Le gouvernement devrait aussi s'assurer que chaque nouvel arrivant reçoive des services d'accompagnement adaptés tout au long de son parcours d'intégration. C'est ce que recommande, dans un avis rendu public hier, le Comité consultatif de lutte contre la pauvreté et l'exclusion sociale.

«On choisit les immigrants pour leurs compétences, ils sont plus scolarisés que les Québécois, mais on les accueille mal, déplore le président du comité, Tommy Kulczyk. À Montréal, 50% des gens qui vivent de l'aide sociale sans contraintes sévères sont des immigrants. Si on investissait 1000$ dès le départ pour que chacun puisse être bien accueilli, cela coûterait 50 millions par an. Actuellement, ça coûte presque cinq fois plus cher en prestations d'aide sociale.»

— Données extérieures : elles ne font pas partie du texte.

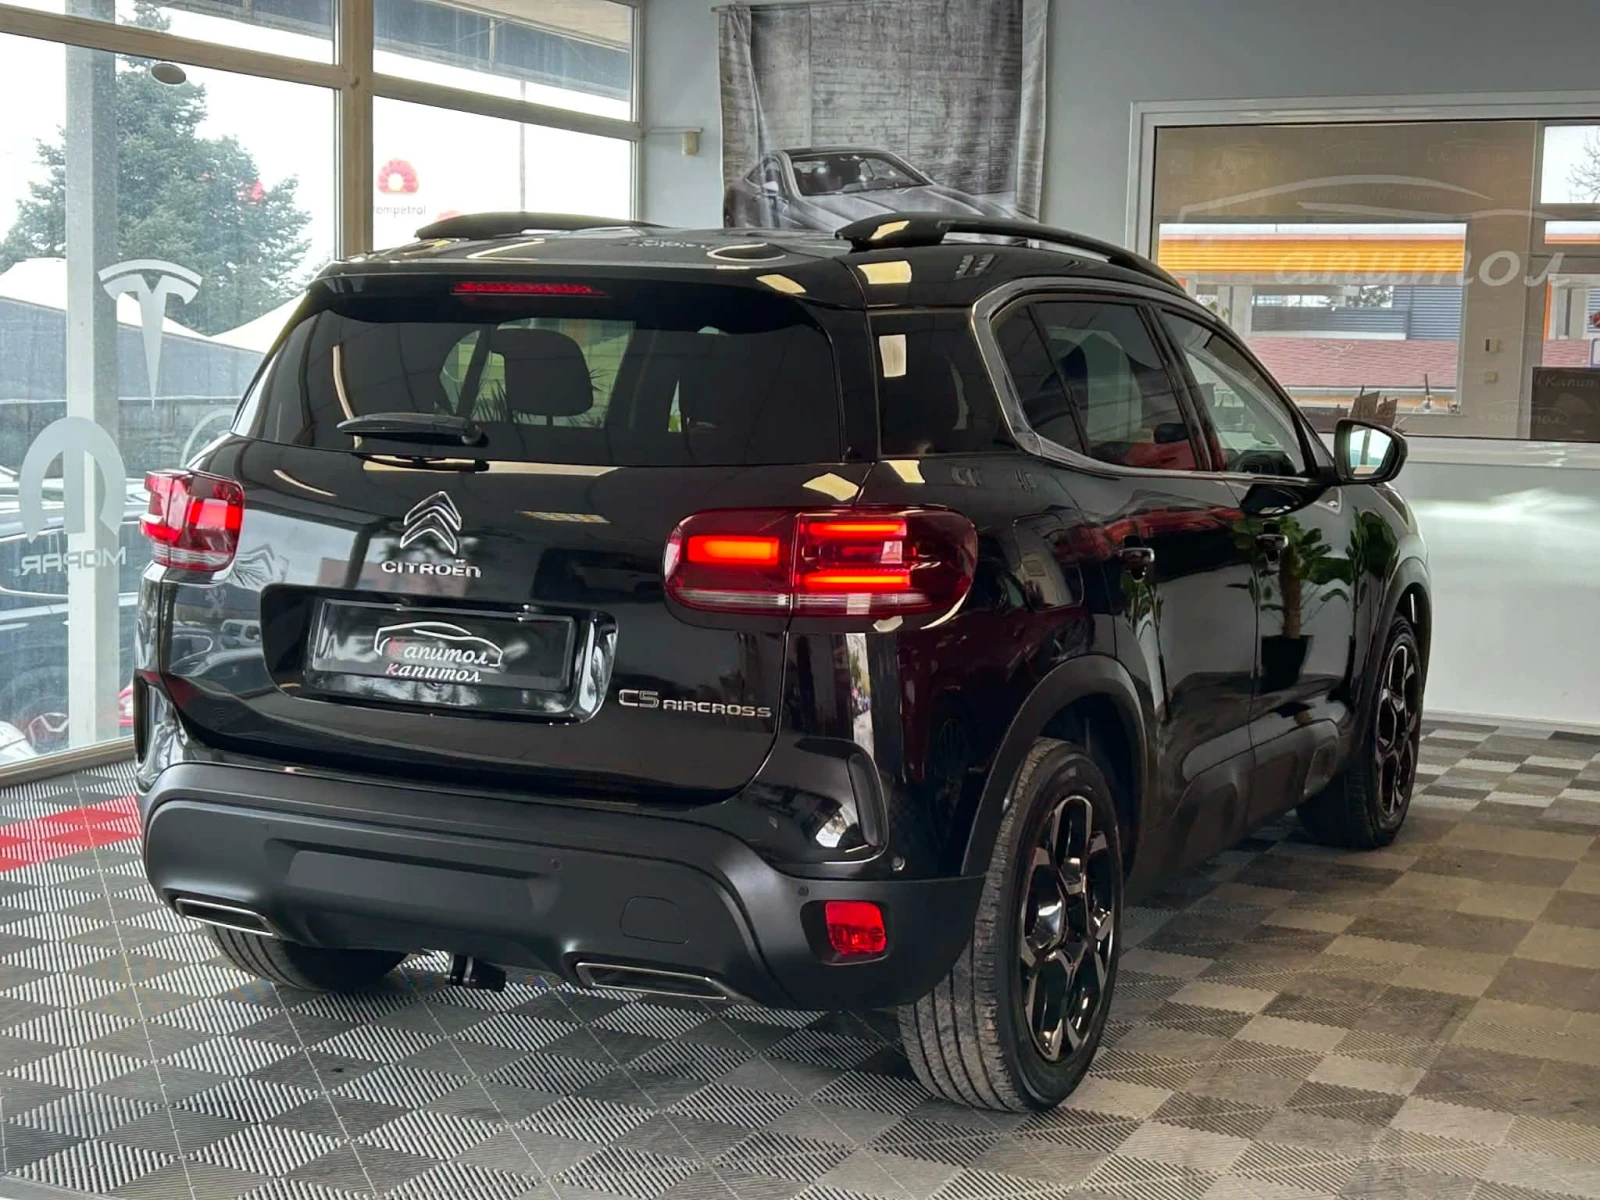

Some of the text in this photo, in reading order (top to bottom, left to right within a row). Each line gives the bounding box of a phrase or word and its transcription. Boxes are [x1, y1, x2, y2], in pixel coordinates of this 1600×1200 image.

Créé il y a trois ans, le comité recommande au gouvernement de procéder à un grand remue-ménage au sein des ministères et des institutions de la province. «Il faut changer nos façons de faire. Il faut privilégier la prévention. On est conscient que cela bousculera bien des habitudes, mais on ne peut pas se permettre de ne pas le faire», prévient M. Kulczyk.

Au total, le comité formule 20 recommandations, touchant surtout les personnes qui risquent le plus de sombrer dans la spirale de la pauvreté et de l'exclusion sociale: les nouveaux arrivants, les handicapés et les sans-abri.

Institutions responsabilisées

Le comité recommande notamment à Québec de rendre les hôpitaux, les prisons et les centres jeunesse responsables de la transition vers la société des personnes qu'elles accueillent.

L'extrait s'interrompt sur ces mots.